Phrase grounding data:
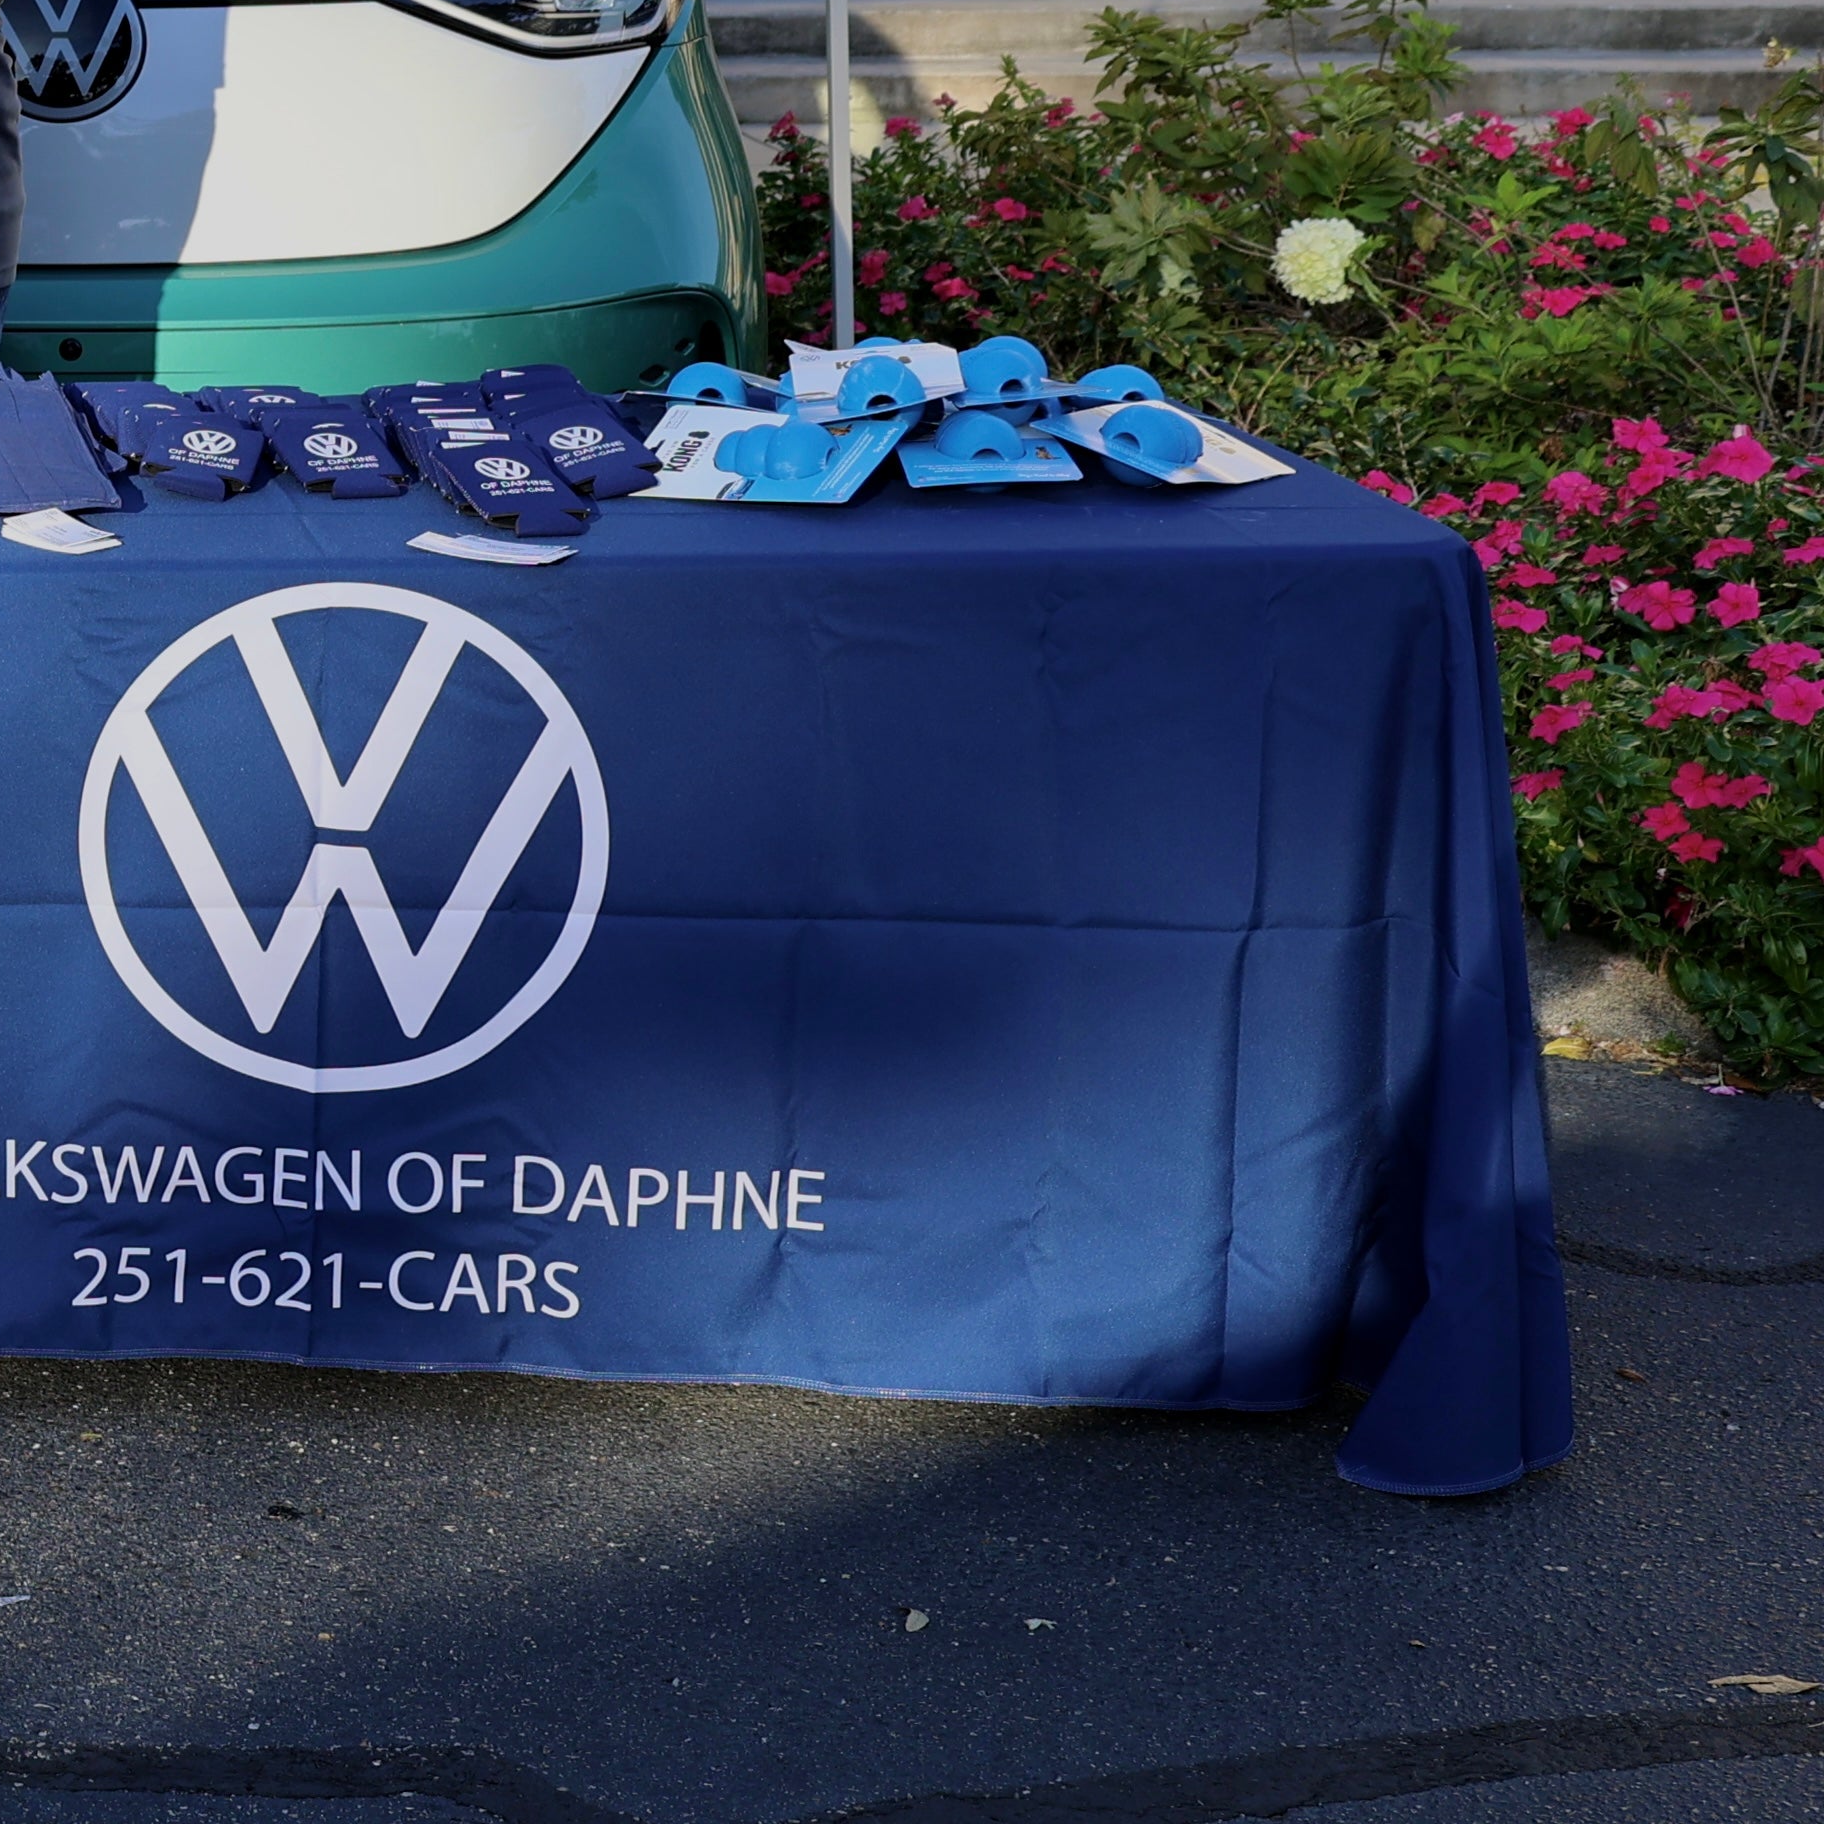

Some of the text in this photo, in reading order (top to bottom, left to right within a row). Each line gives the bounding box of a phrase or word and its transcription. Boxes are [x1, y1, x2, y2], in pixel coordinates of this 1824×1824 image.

[188, 451, 241, 466] DAPHNE
[573, 440, 625, 459] DAPHNE
[662, 439, 703, 473] KONG
[328, 455, 378, 466] DAPHNE
[500, 479, 553, 488] DAPHNE
[386, 1151, 487, 1214] OF
[510, 1154, 826, 1232] DAPHNE
[71, 1246, 581, 1320] 251-621-CARS

**EXERCISE BRIEF:**
With the pictures removed, return each record above exactly as given.

**SOLUTION:**
Some of the text in this photo, in reading order (top to bottom, left to right within a row). Each line gives the bounding box of a phrase or word and its transcription. Boxes are [x1, y1, x2, y2], in pixel coordinates of this 1824×1824 image.

[188, 451, 241, 466] DAPHNE
[573, 440, 625, 459] DAPHNE
[662, 439, 703, 473] KONG
[328, 455, 378, 466] DAPHNE
[500, 479, 553, 488] DAPHNE
[386, 1151, 487, 1214] OF
[510, 1154, 826, 1232] DAPHNE
[71, 1246, 581, 1320] 251-621-CARS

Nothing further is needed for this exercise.